Una tabella aiuta a confrontare i risvolti di quella che rappresenterà d’ora in poi una “scelta di campo”, soprattutto dopo che sembra non essere più attuale la posizione assunta dalle Entrate con la risoluzione 118/E/2013, ossia la scelta di configurare le società tra avvocati ex Dlgs 96/2001 come fiscalmente produttrici di reddito di lavoro autonomo nonostante civilisticamente inquadrabili tra le società di persone.
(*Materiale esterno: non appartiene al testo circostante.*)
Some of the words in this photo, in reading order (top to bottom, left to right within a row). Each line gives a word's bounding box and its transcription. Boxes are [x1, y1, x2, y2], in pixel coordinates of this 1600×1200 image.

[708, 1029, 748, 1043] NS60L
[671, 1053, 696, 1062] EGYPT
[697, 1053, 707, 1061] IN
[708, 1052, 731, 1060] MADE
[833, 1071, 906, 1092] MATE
Resta da comprendere se potranno esistere contemporaneamente società tra avvocati che (pur svolgendo la stessa attività) sono regolate da regimi fiscali del tutto differenti, in relazione alla legge istitutiva a cui fanno riferimento.
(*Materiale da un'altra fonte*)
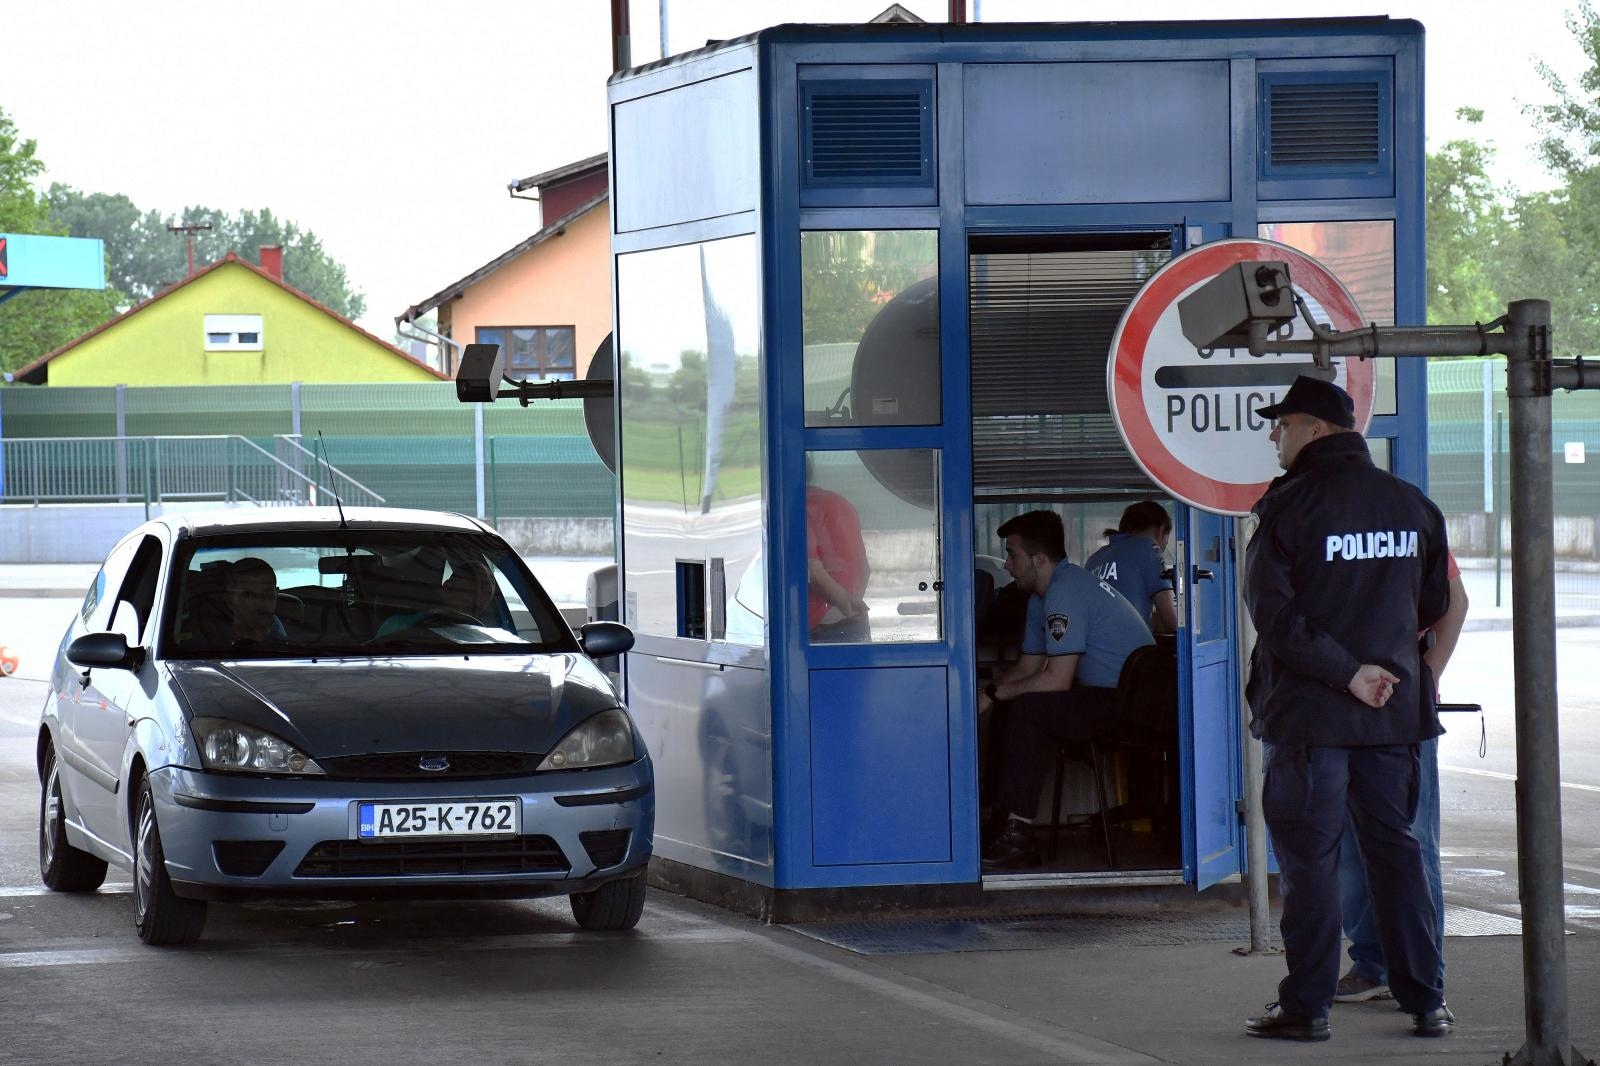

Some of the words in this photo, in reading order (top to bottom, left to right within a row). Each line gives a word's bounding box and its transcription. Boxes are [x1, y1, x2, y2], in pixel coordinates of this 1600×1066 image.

[1326, 531, 1418, 561] POLICIJA
[361, 824, 374, 832] BIH
[379, 805, 512, 833] A25-K-762
I vantaggi ravvisabili nella tradizionale forma individuale o associativa di svolgimento della professione sono ancora molteplici: basti pensare al principio di cassa (che consente di rendere imponibili solo i compensi incassati) alla possibilità (ove manchi l’organizzazione autonoma individuata dalle sentenze della Cassazione) di sfuggire all’Irap, alla facoltà concessa alle associazioni professionali di modificare le quote di partecipazione agli utili (evidentemente in modo da riflettere meglio le dinamiche tra i singoli associati e la clientela) fino alla data di presentazione della dichiarazione dei redditi dell’associazione.

D’altra parte, la forma societaria può contare su una disciplina civilistica e fiscale assai più puntuale, disegnata per consentire l’evoluzione quantitativa e qualitativa della struttura (composta da professionisti e non solo), raramente subisce il prelievo a titolo di ritenuta d’acconto e può basare la remunerazione dei partecipanti su una politica di dividendi o di compensi per l’amministrazione (interpello Dre Lombardia n. 904-1126/2017), per quanto l’attuale imposizione del 26% di ritenuta “secca” sui dividendi (anche qualificati) non rappresenti certo un attrazione per i contribuenti.
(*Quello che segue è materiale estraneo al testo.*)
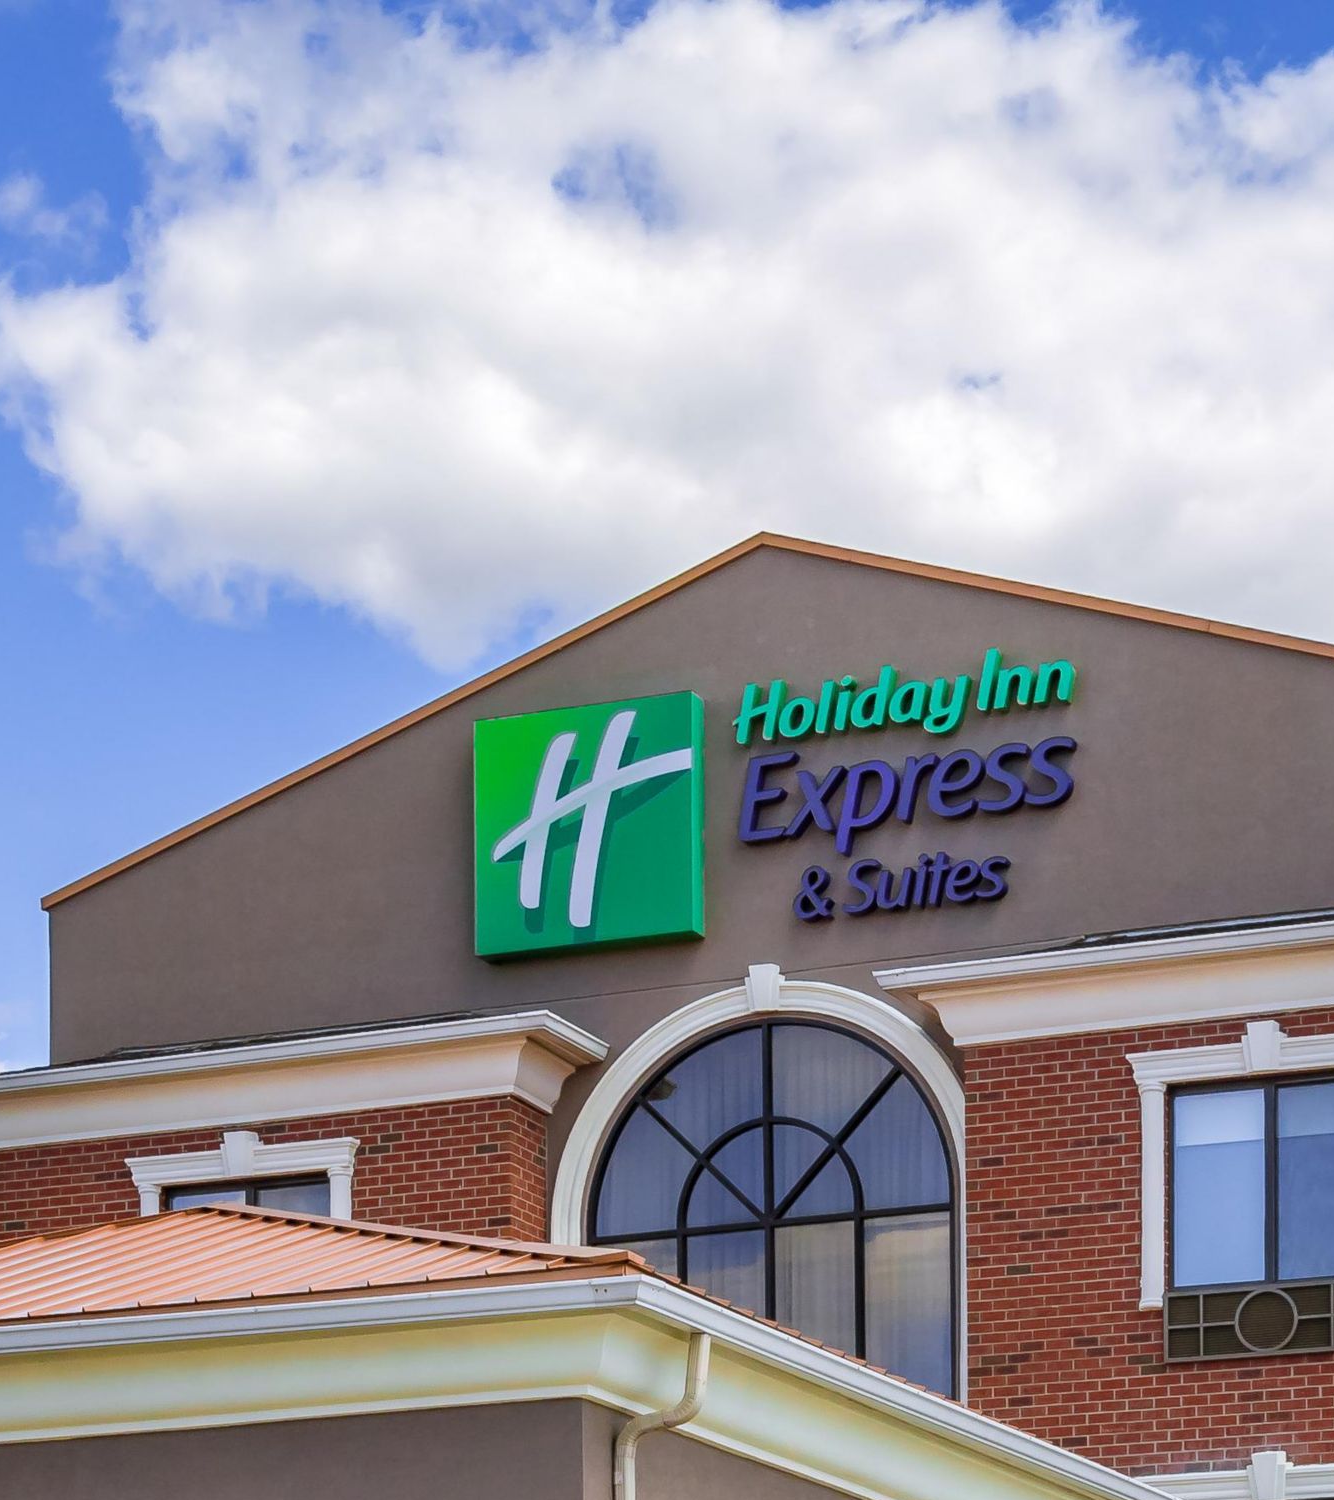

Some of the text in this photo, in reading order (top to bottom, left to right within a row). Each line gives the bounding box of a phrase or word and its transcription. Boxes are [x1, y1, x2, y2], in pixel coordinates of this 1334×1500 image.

[733, 648, 1076, 745] Holiday Inn
[739, 736, 1078, 856] Express
[793, 853, 1011, 923] & Suites
La prassi conosce, a dire il vero, alcuni tentativi di inquadrare le “operazioni straordinarie” anche partendo da un soggetto che esercita l’attività come lavoratore autonomo, assimilando l’associazione professionale alla società semplice (Cassazione, sentenza 16500/2014), oppure permanendo pur sempre in un’ottica associativa e non societaria (circolare 8/E/2009 e risoluzione 177/E/2009). Ma il passaggio tra mondo della professione e mondo dell’impresa tout court è ancora privo di riferimenti precisi e andrebbe colta l’occasione per una disciplina puntuale, coerente e, soprattutto, non punitiva.

Se si opta per la forma societaria, occorre tener presente (oltre agli aspetti previdenziali che i vari ordinamenti delle Casse stanno via via faticosamente perfezionando) alcuni elementi peculiari, quali:

• la possibile assoggettabilità a fallimento, recentemente negata dal Tribunale di Forlì (decreto n. 61/2017) ma con concetti non ancora consolidati;

• l’impossibilità di svolgere attività non professionali, almeno secondo il parere del Cndcec (Po 11/2017);

• l’impossibilità di scegliere società “ordinarie non Stp” per svolgere la professione (nota Mise n. 415099/2016);

• il dubbio sulla legittimità delle società unipersonali (in senso favorevole le Linee guide di alcuni consigli nazionali) e delle Srl semplificate (in senso positivo: Cndcec, Po 262/2015 e circolare n. 32/Ir/2013, ma, in senso contrario, Consiglio nazionale Notariato con nota del 24 marzo 2016);

• l’obbligo all’iscrizione al registro imprese, per quanto nella sezione speciale appositamente dedicata, oltre che all’Albo professionale.